En cuanto a mi padre, siempre sentí que asfixiaba como una planta parásita. Porque cuando él me quería yo me odiaba. Porque para que me quisiera yo tenía que fingir que no era yo, que no creía en lo que creía, que no recordaba lo que recordaba y que aprobaba unos comportamientos que no aprobaba. Yo creí que el verdadero amor no podía exigir del otro una renuncia, no quería creer a Wilde y pensar que el amor es, por definición, un asesino. Por eso creo que cuando él decía que me quería mucho decía la verdad, pero decía su verdad, no la mía, porque la verdad está en la cabeza de cada uno, y no es un axioma inmutable y es cierto que él me ha querido, pero me ha querido cuando era una niña y por tanto una extensión de su persona sin personalidad ni autonomía propias, y me ha querido más mayor pero sólo cuando mentía y me adaptaba a lo que él quería de mí, y no llevaba, por ejemplo, a mi novio a las comidas familiares de cada dos domingos por más que Vicente blasonease (mejor dicho, pendonease) a sus Mashenkas, Tatianas, Olgas o Natalias. Me quería cuando yo me presentaba sola y además vestida como nunca me vestiría en otra parte, con el pelo recogido y un traje de chaqueta, me quería cuando me portaba bien y procuraba no preguntar mucho sobre la vida de los demás ni tampoco contar demasiado sobre la mía, no hablar demasiado de nada en general y limitarme a poner buena cara y a dar cuenta de lo que hubiera en el plato. Me quería cuando no era yo.
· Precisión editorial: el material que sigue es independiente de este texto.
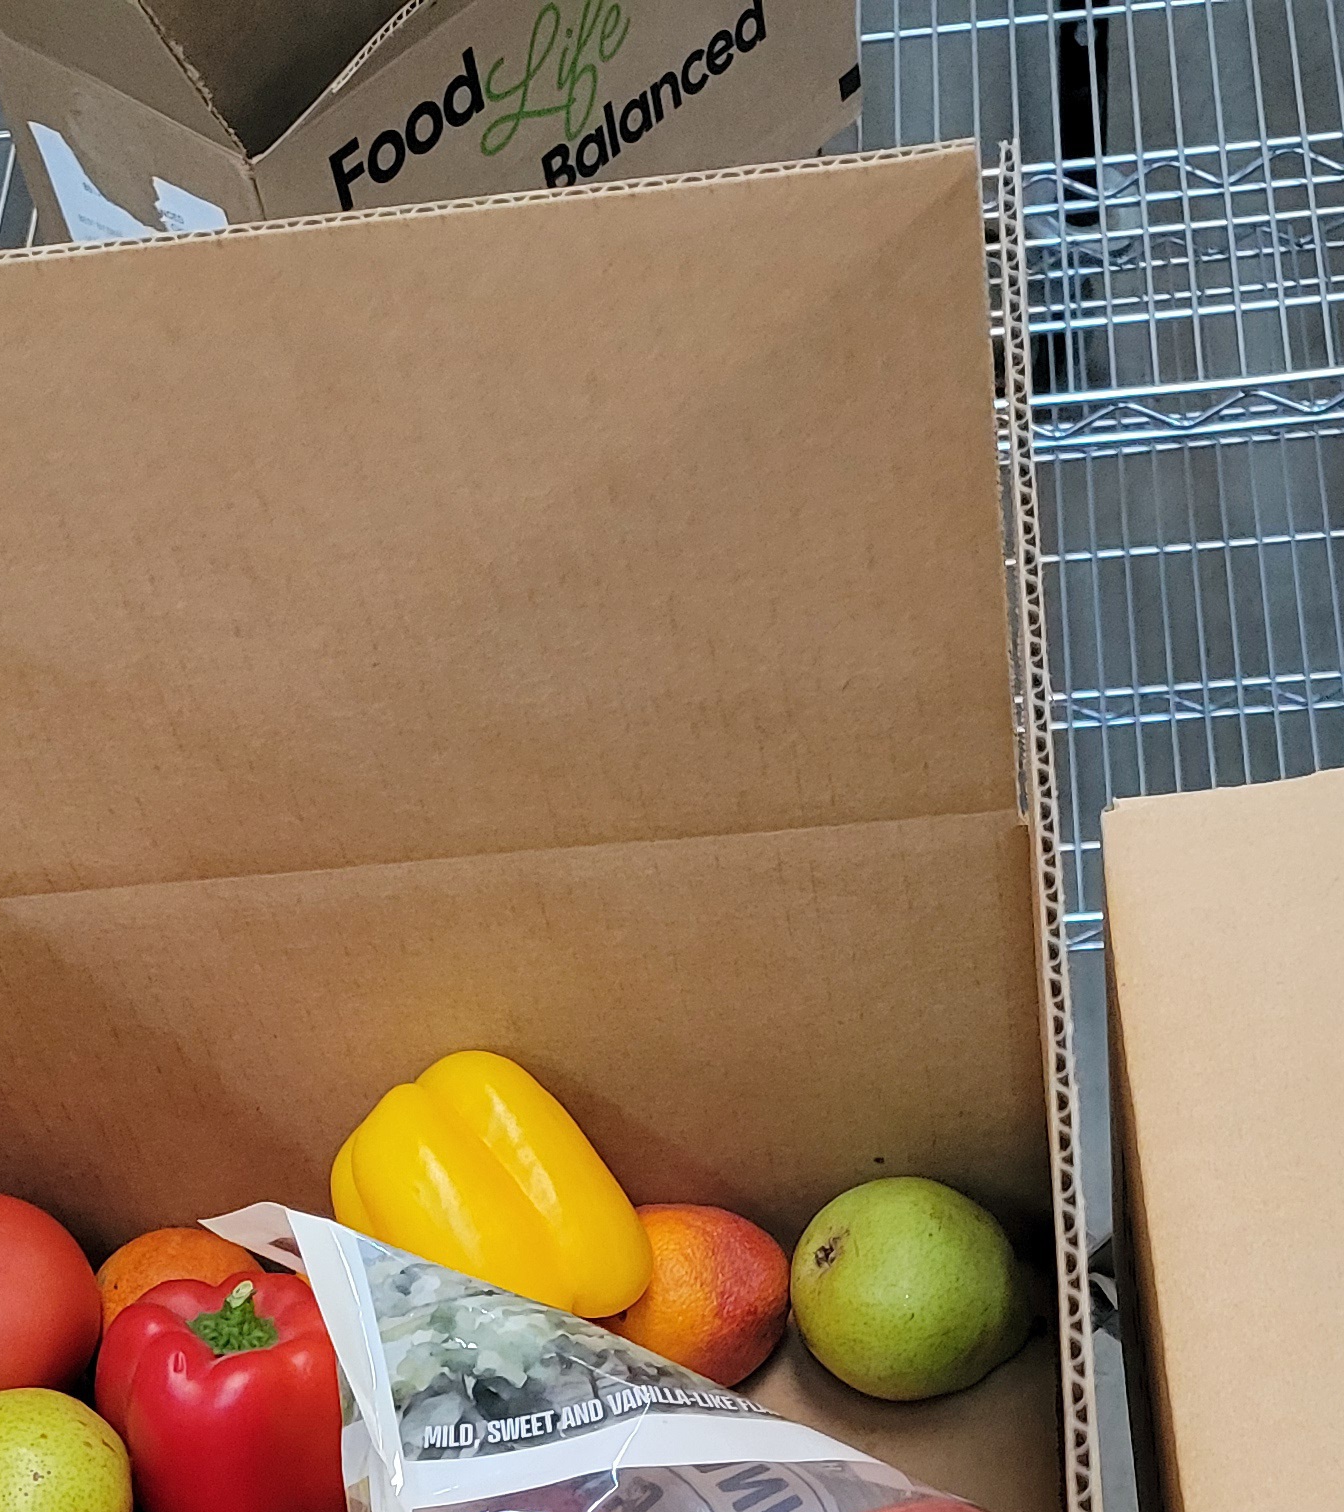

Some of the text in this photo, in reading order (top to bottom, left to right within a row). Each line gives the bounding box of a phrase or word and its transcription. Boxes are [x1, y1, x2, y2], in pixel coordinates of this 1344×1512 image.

[328, 0, 631, 211] Food Life
[541, 0, 768, 188] Balanced
[424, 1422, 481, 1449] MILD,
[487, 1409, 555, 1443] SWEET
[560, 1398, 604, 1430] AND
[607, 1384, 738, 1418] VANILLA-LIKE
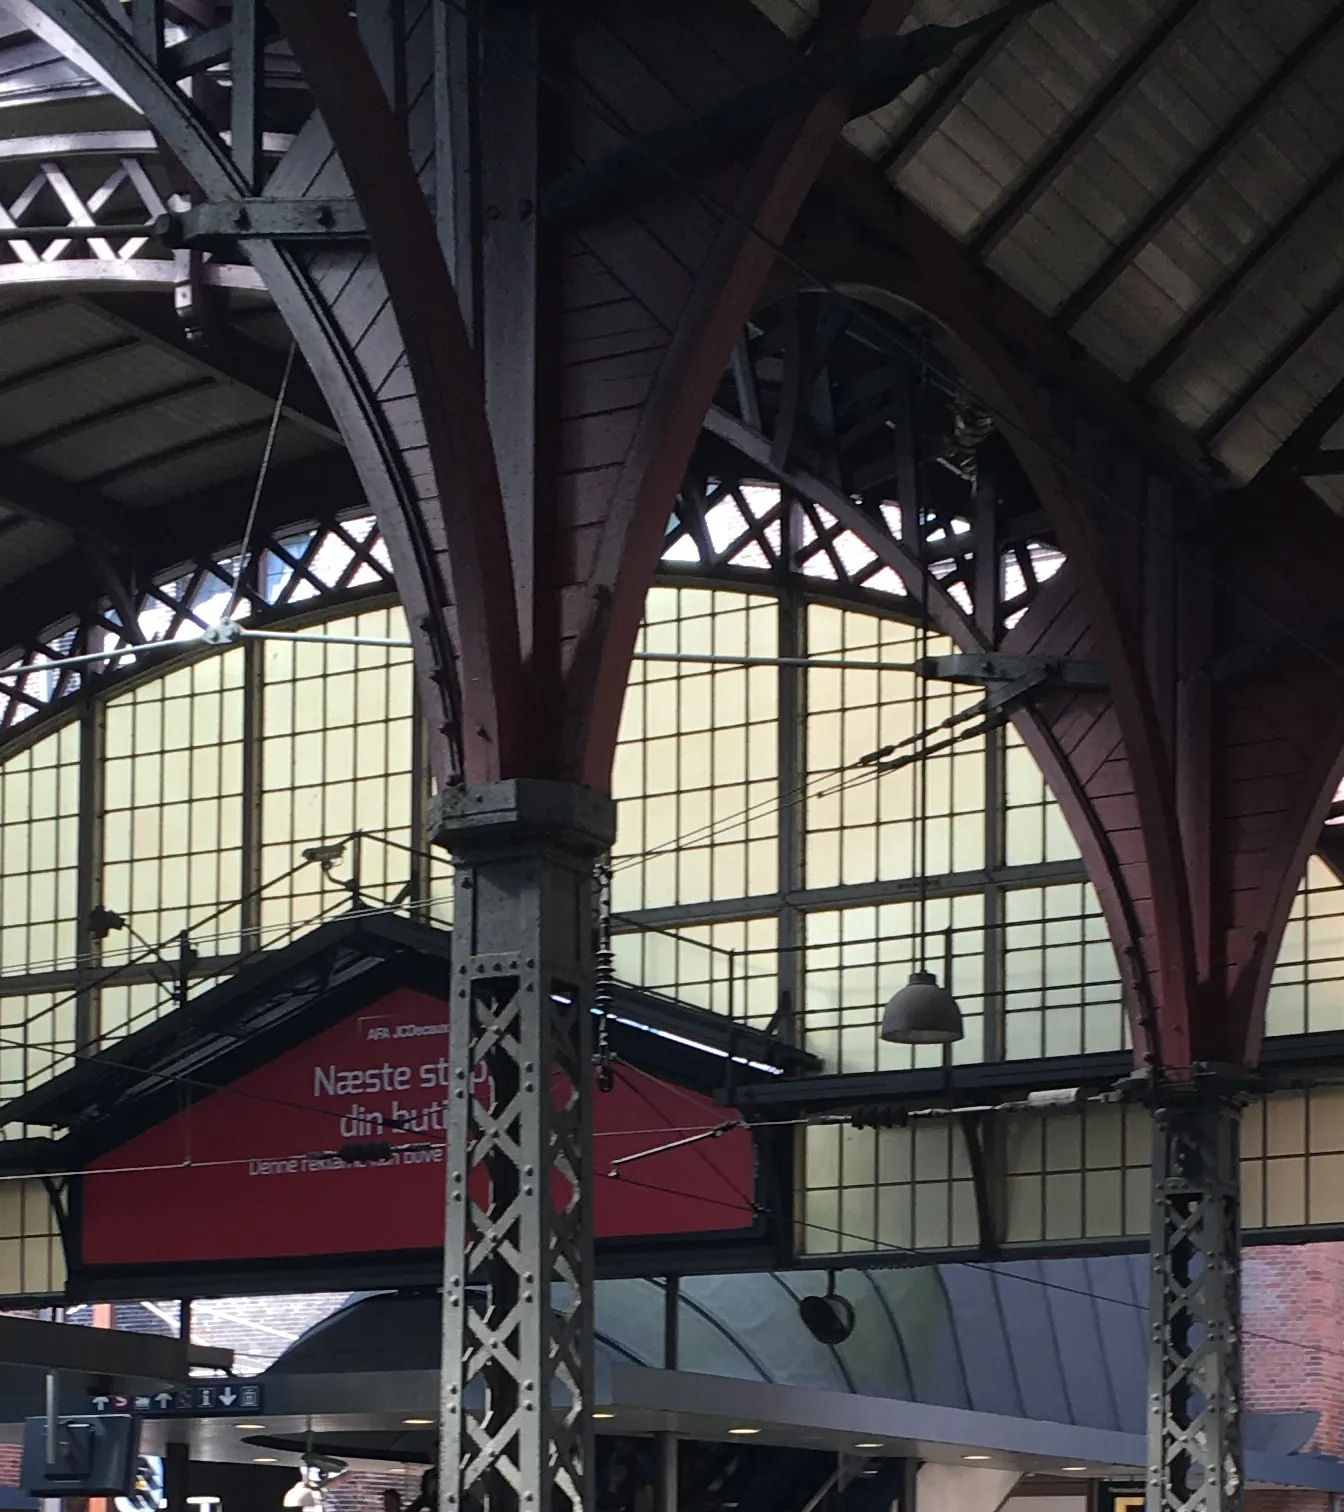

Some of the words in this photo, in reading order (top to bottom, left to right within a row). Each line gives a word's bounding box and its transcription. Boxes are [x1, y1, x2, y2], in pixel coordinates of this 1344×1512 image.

Me he pasado la vida persiguiendo inútilmente la aprobación familiar como el burro que avanza por un camino marcado por su dueño a base de perseguir la zanahoria al final del palo, y sólo he conseguido avanzar por un camino que yo no había decidido y no conseguir sentirme mejor ni más querida por eso.
Se me hacía muy difícil aspirar a conseguir la aprobación de mi padre, un trofeo por otra parte que se hacía más valioso a mis ojos por lo disputado: todos, menos mi madre, babeábamos tras él como perritos. La Eva real no parecía gustarle y pretendía machacarla a base de llamarla mimada, loca, desagradecida y mentirosa (mimada si no se levantaba a su hora, loca si se ponía la famosa muñequera de pinchos, desagradecida desde el primer verano que decidió no pasarlo en Santa Pola, mentirosa si afirmaba que a su hermano le faltaba un tornillo). Yo siempre supe cómo era él, y le aceptaba. Es más, le quería. Le quería mucho, demasiado incluso, pero sabía que me había embarcado en una relación de amor imposible. Y cuando vi que se repetía el mismísimo patrón con el hombre cuyo nombre está escrito en un trozo de pergamino encerrado en una botella enterrada en un descampado cerca de Cuatro Vientos, que estaba persiguiendo desesperadamente a alguien que no podría nunca devolverme lo que yo le daba, me di cuenta de que aguantaba esa relación porque seguía un esquema aprendido, porque estaba jugando a ser mi madre sin serlo, poniéndome en el lugar de la misma mujer a la que mi padre tanto decía amar, cambiando el escenario pero reinterpretando el libreto palabra por palabra en un intento desesperado e inútil de cambiarle el final.